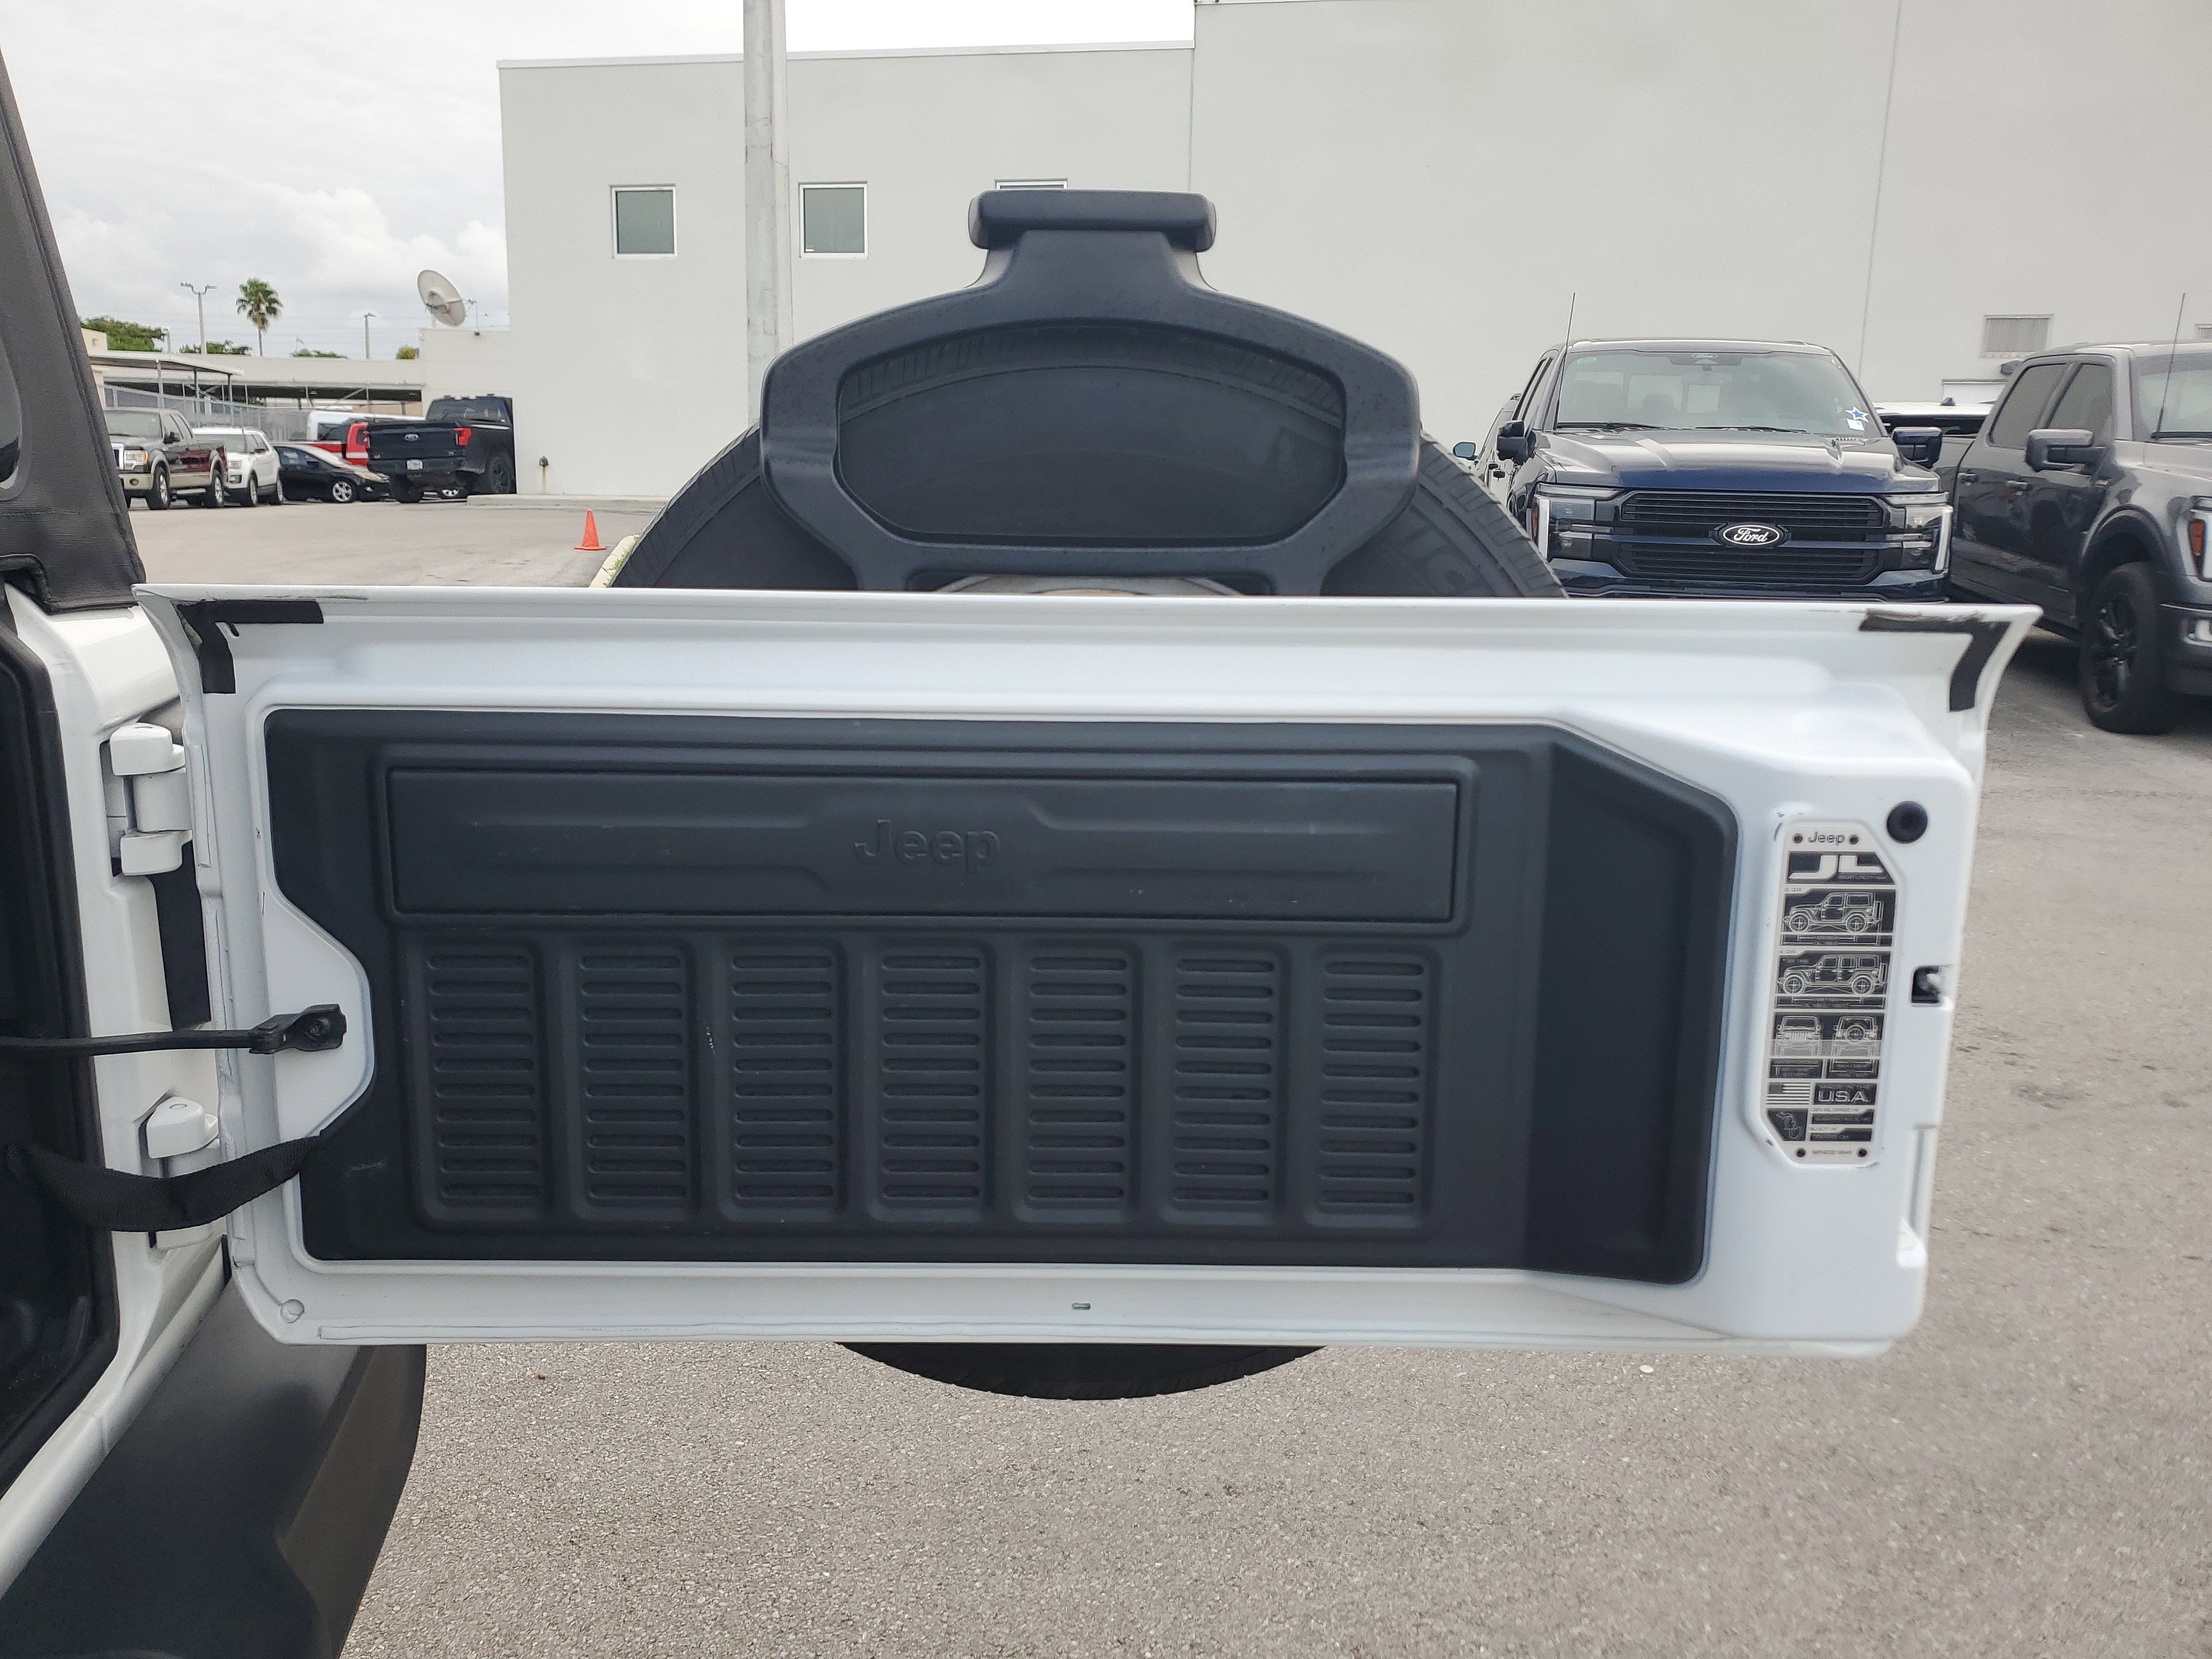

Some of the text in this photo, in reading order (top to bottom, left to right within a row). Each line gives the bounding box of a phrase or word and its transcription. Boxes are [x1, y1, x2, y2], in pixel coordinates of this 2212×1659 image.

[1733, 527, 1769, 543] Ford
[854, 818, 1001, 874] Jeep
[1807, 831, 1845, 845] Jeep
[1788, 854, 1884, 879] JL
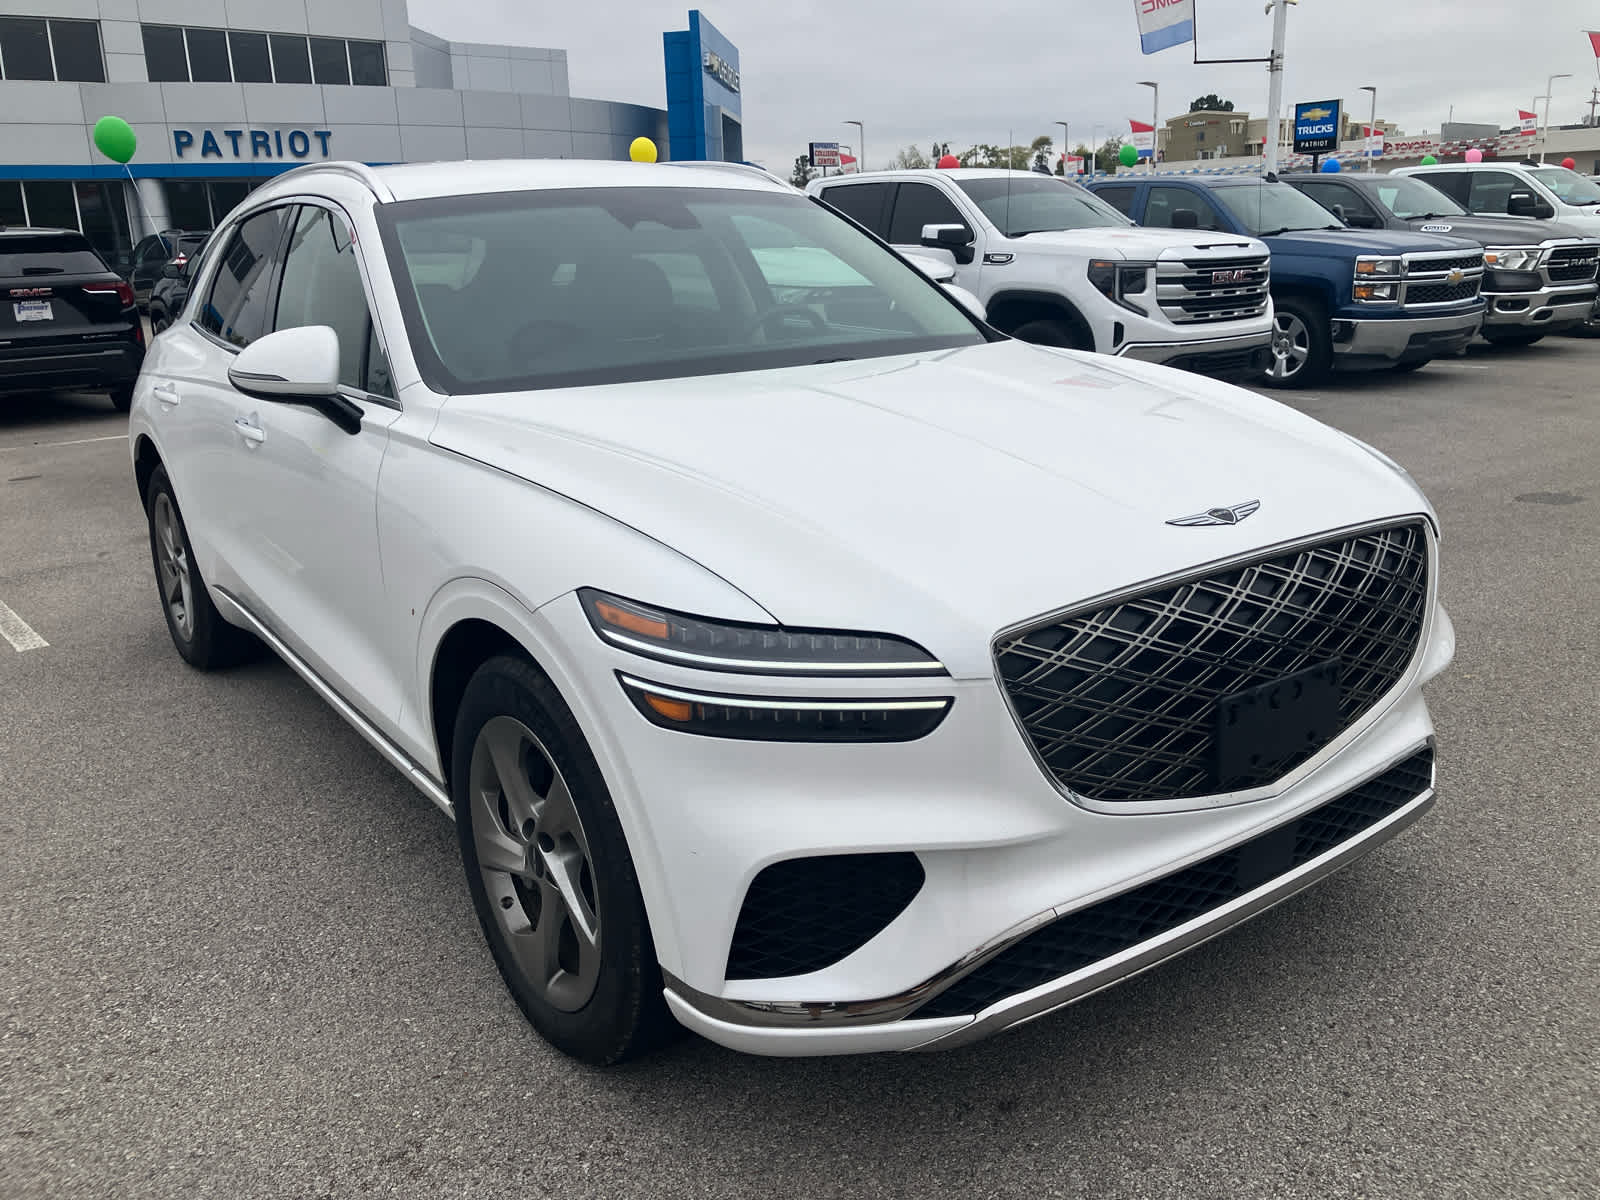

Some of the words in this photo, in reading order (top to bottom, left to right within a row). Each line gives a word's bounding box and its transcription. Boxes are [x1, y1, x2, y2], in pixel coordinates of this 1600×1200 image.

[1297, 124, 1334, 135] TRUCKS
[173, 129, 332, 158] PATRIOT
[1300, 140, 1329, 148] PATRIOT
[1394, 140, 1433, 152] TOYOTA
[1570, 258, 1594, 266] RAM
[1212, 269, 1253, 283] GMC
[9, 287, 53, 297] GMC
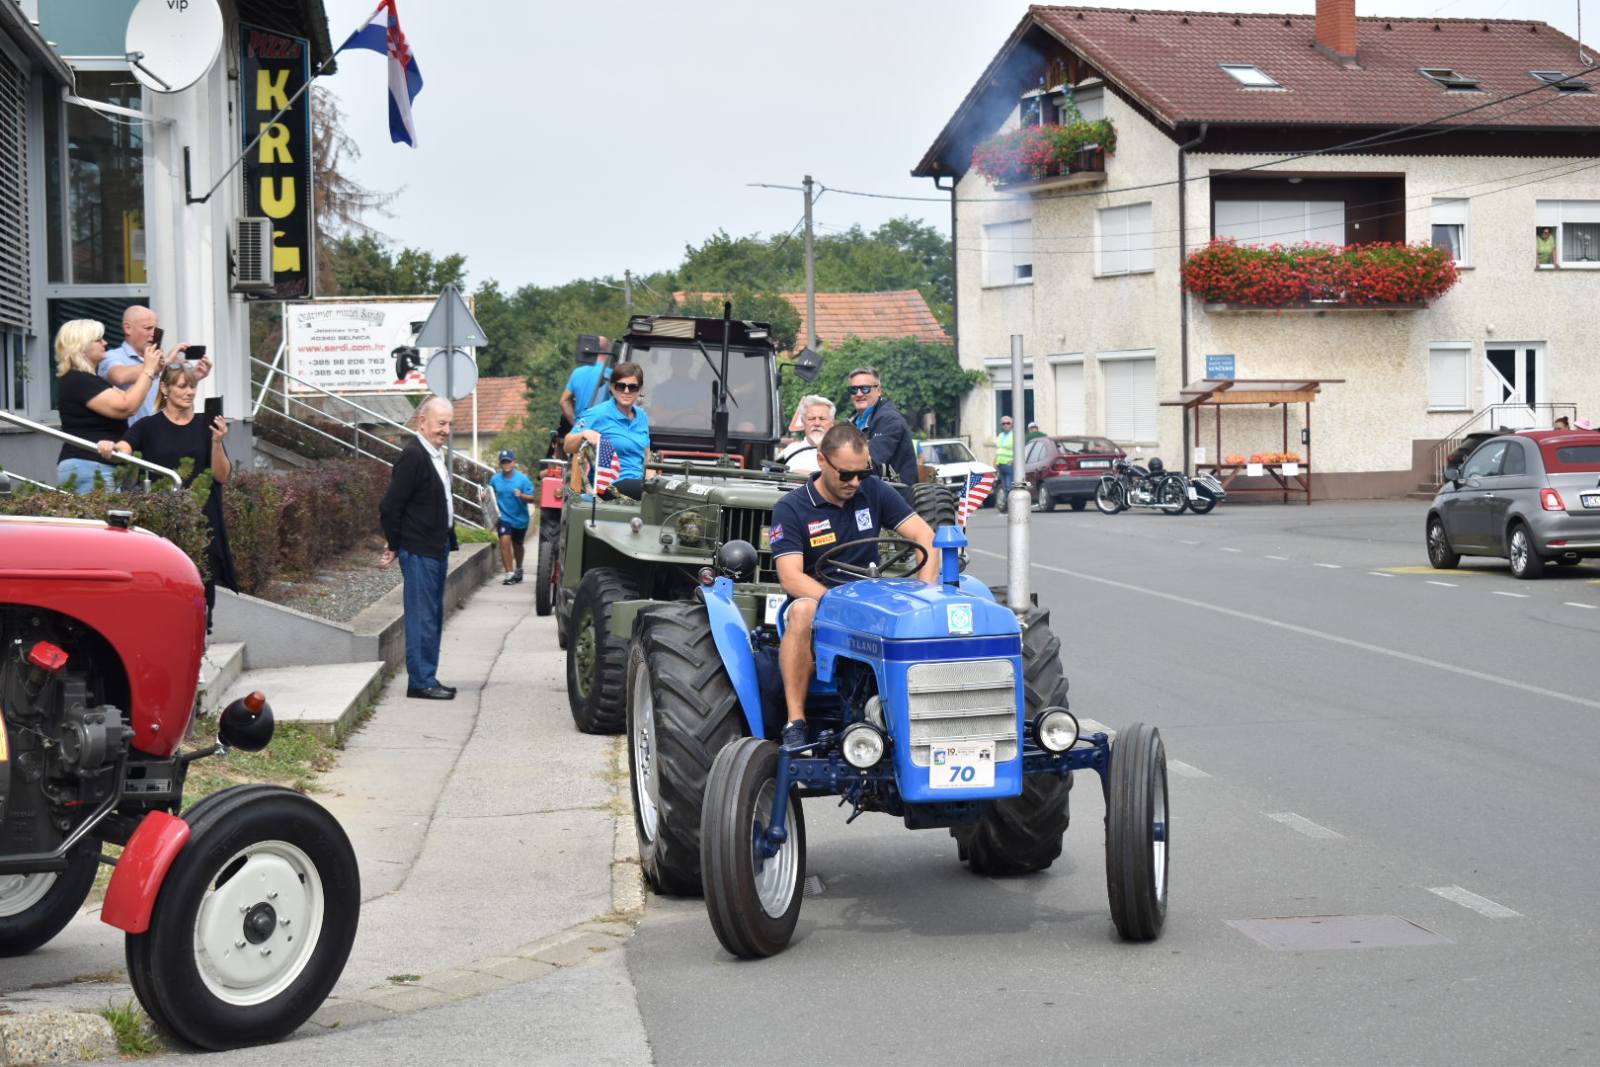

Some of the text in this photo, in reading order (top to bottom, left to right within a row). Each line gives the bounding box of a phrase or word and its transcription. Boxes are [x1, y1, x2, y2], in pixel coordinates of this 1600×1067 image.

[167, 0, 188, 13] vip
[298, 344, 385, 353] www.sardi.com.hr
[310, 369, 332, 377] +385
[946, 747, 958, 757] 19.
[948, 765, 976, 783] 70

WHAT IS BEING ASKED: Retype the entire listing exactly as it appears, dropping only the pictures.

TASK RESULT:
Some of the text in this photo, in reading order (top to bottom, left to right within a row). Each line gives the bounding box of a phrase or word and its transcription. Boxes are [x1, y1, x2, y2], in pixel coordinates of this 2212×1659 image.

[1733, 527, 1769, 543] Ford
[854, 818, 1001, 874] Jeep
[1807, 831, 1845, 845] Jeep
[1788, 854, 1884, 879] JL

Some of the words in this photo, in reading order (top to bottom, left to right within a row). Each line gives a word's bounding box and its transcription. Boxes are [x1, y1, x2, y2], in pixel coordinates of this 1600×1200 image.

[1297, 124, 1334, 135] TRUCKS
[173, 129, 332, 158] PATRIOT
[1300, 140, 1329, 148] PATRIOT
[1394, 140, 1433, 152] TOYOTA
[1570, 258, 1594, 266] RAM
[1212, 269, 1253, 283] GMC
[9, 287, 53, 297] GMC

Some of the text in this photo, in reading order (top to bottom, left to right within a row). Each line gives the bounding box of a phrase or word and its transcription. Boxes are [x1, y1, x2, y2], in pixel coordinates of this 1600×1067 image.

[167, 0, 188, 13] vip
[298, 344, 385, 353] www.sardi.com.hr
[310, 369, 332, 377] +385
[946, 747, 958, 757] 19.
[948, 765, 976, 783] 70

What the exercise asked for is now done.